My experience "most of the time" since may 1999 has been this. It hasn't been perfect but it has been a life of grace mostly since May 1999. The one year that was an exception was 2015 from March until Christmas when I was dealing with first a burst appendix and then the PTSD from the experience and then a month of sleep deprivation and then not believing really the rest of the year that I was going to stay alive. But, by Christmas I was over that and back to living in Heaven on earth most of the time.

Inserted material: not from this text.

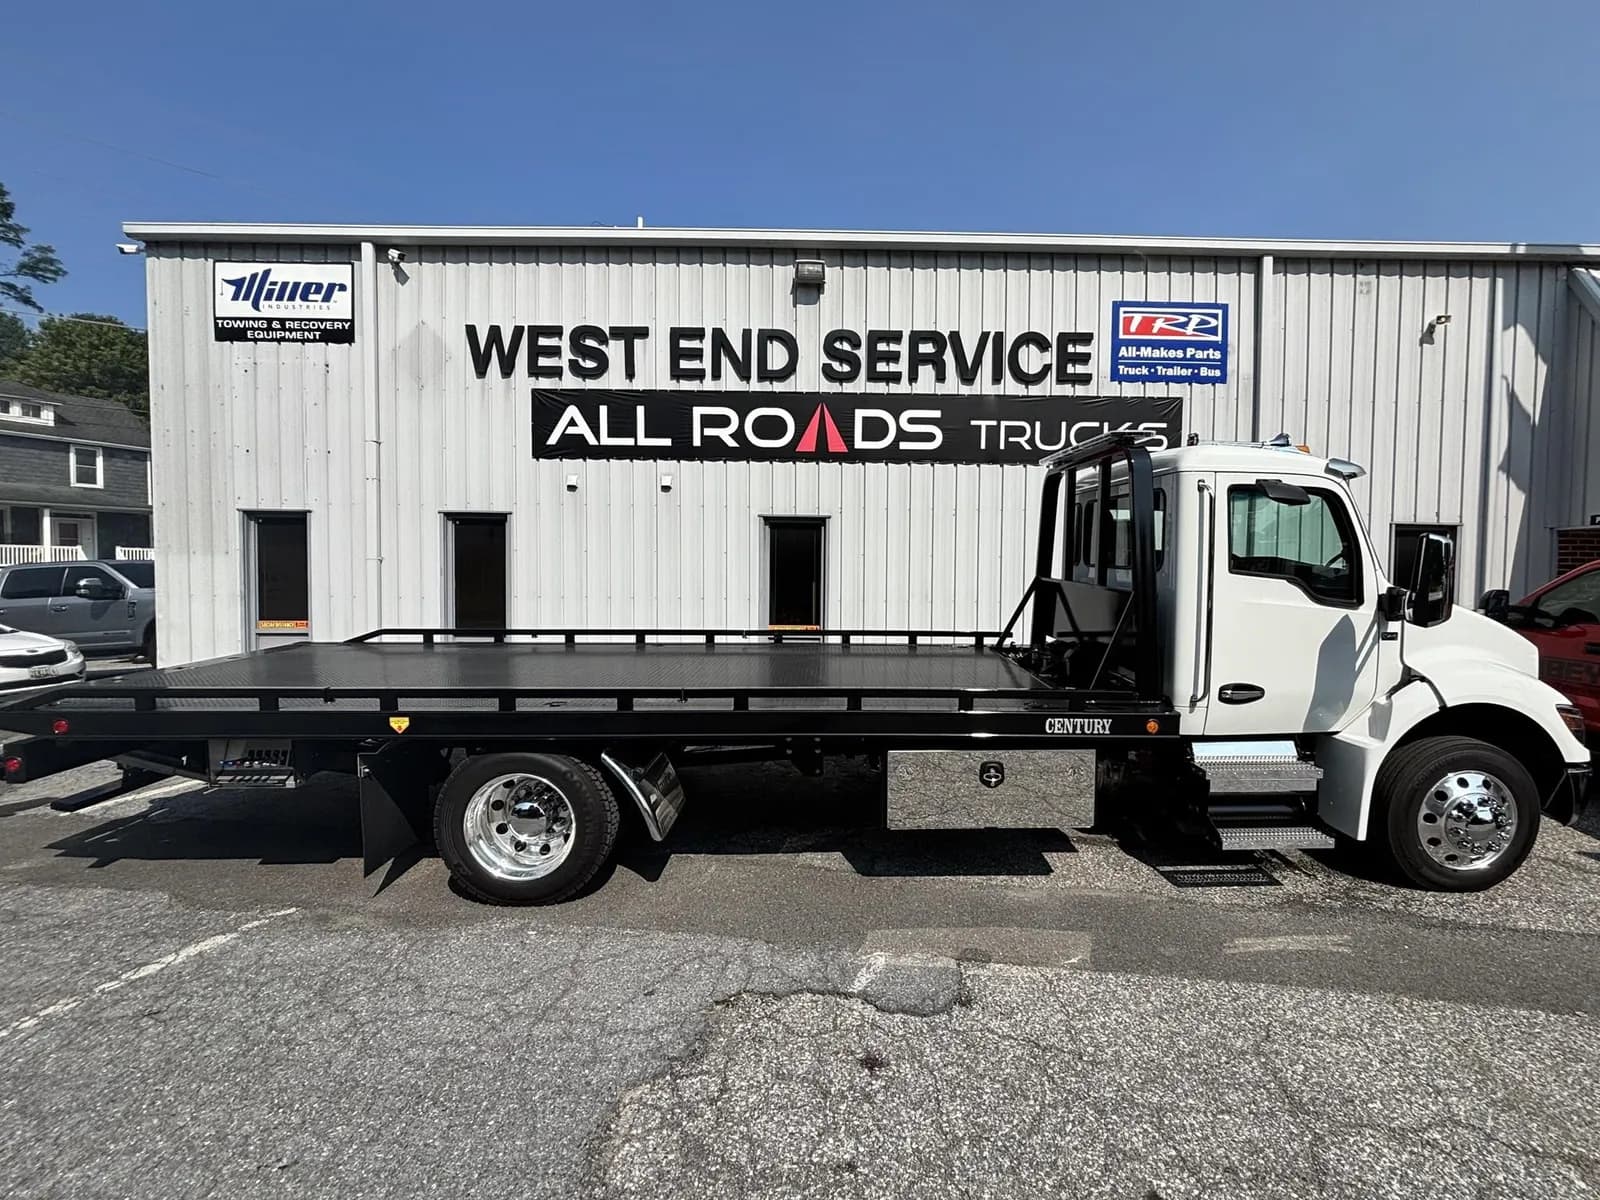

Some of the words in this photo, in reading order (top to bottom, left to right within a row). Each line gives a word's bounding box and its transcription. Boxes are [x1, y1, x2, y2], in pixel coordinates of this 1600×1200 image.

Was my life always like this?
Far from it. From ages 21 to 25 It took everything for me to stay alive and not to commit suicide. If I had had my wish and didn't want to harm my parents, my relatives and my friends I would have been gone. I was in no way prepared to face what I had to then in my life. Everything I had planned for my life wasn't going to happen so I saw no reason to stay alive.

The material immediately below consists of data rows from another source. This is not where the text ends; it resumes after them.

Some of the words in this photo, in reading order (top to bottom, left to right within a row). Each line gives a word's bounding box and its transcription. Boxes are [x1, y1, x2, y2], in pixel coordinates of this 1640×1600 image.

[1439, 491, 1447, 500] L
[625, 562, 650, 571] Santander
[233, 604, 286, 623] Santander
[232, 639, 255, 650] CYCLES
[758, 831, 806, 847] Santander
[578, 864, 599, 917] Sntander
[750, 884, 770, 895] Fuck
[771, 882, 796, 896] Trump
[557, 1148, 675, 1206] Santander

But, then again as soon as my son was born when I was 26 I couldn't worry about my selfish needs anymore which made my 30s really enjoyable.
I think what causes most young people to self destruct and be gone is "Unrealistic Expectations".

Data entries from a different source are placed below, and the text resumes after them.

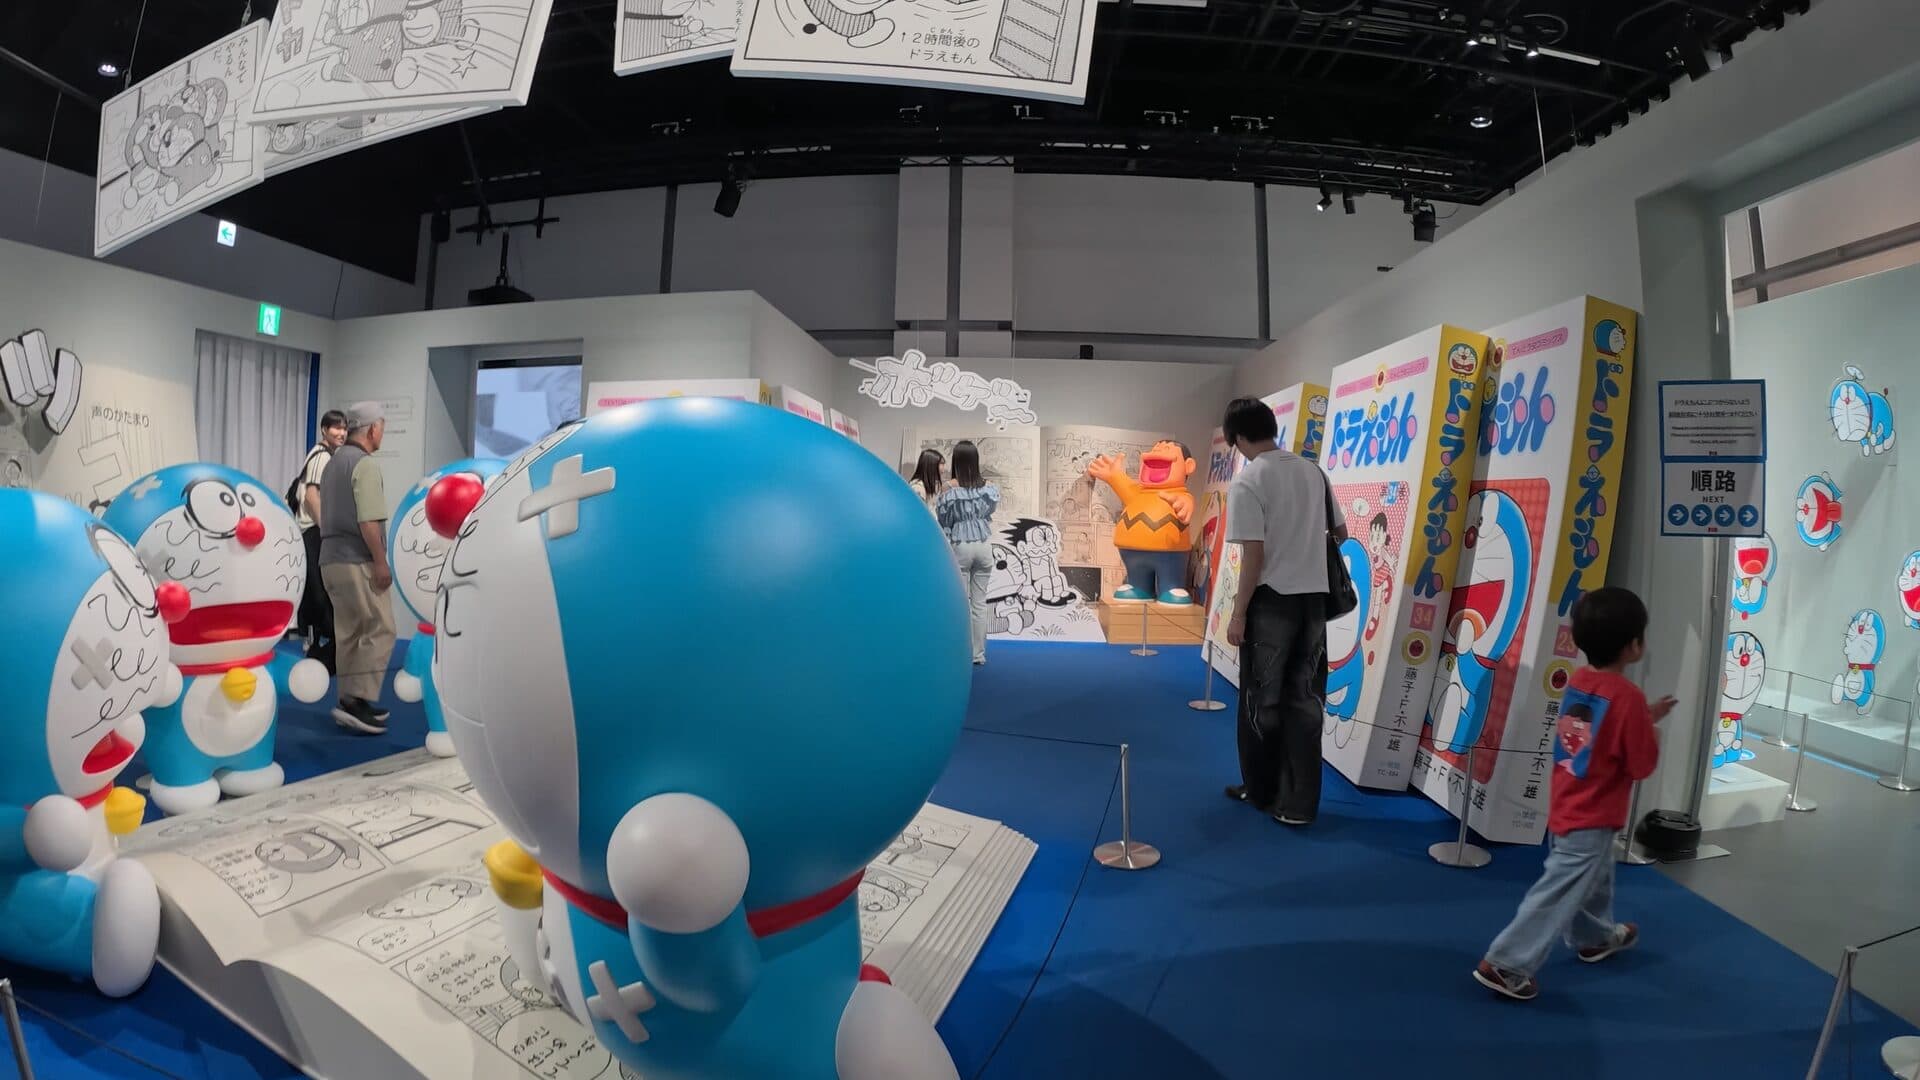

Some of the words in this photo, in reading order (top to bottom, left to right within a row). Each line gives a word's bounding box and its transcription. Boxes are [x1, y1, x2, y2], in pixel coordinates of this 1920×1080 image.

[909, 49, 977, 65] ドラえもん
[1327, 391, 1418, 471] ドラえもん
[1414, 378, 1476, 599] ドラえもん
[1690, 469, 1736, 493] 順路
[1702, 495, 1725, 504] NEXT
[1413, 608, 1432, 625] 34

When your dreams are impossible and everyone tells you you can do anything, sometimes you can't. And then what do you do?
Do you choose to stay alive through this?
I chose to stay alive at the time not for myself but only because of my parents, my relatives and my friends. The last thing I wanted to do was to stay alive at the time.
But then there is my 30s (from age 32 to age 37) which was the happiest time of my life up until then when I built an A-Frame on 2 1/2 acres of land my wife and I bought and home schooled my children.
My 40s were wonderful and terrible at the same time so bittersweet but still survivable and ever since I got over my heart virus in May 1999 my life has most of the time been heaven. So, it is possible to live in Heaven on earth. But, you have to work at it to create a good life for yourselves.
But, here's the strange thing. Coming so close to suicide and still staying alive gave me the strength to be a stronger person emotionally than most people I have ever met. It also was one of the best experiences in that I had to give up pride and to realize Pride is a killer, and likely kills more people than anything else in the end.
Once I gave up pride I could begin to live in God's Grace. I could begin to live in God's heavens on earth.
Grace and humility are the key to living in heaven on earth. You value everyone in a compassionate way. You don't think you are better than everyone else because of the suffering you have been through trying to stay alive.
And at that point you are living in one of God's heavens on earth.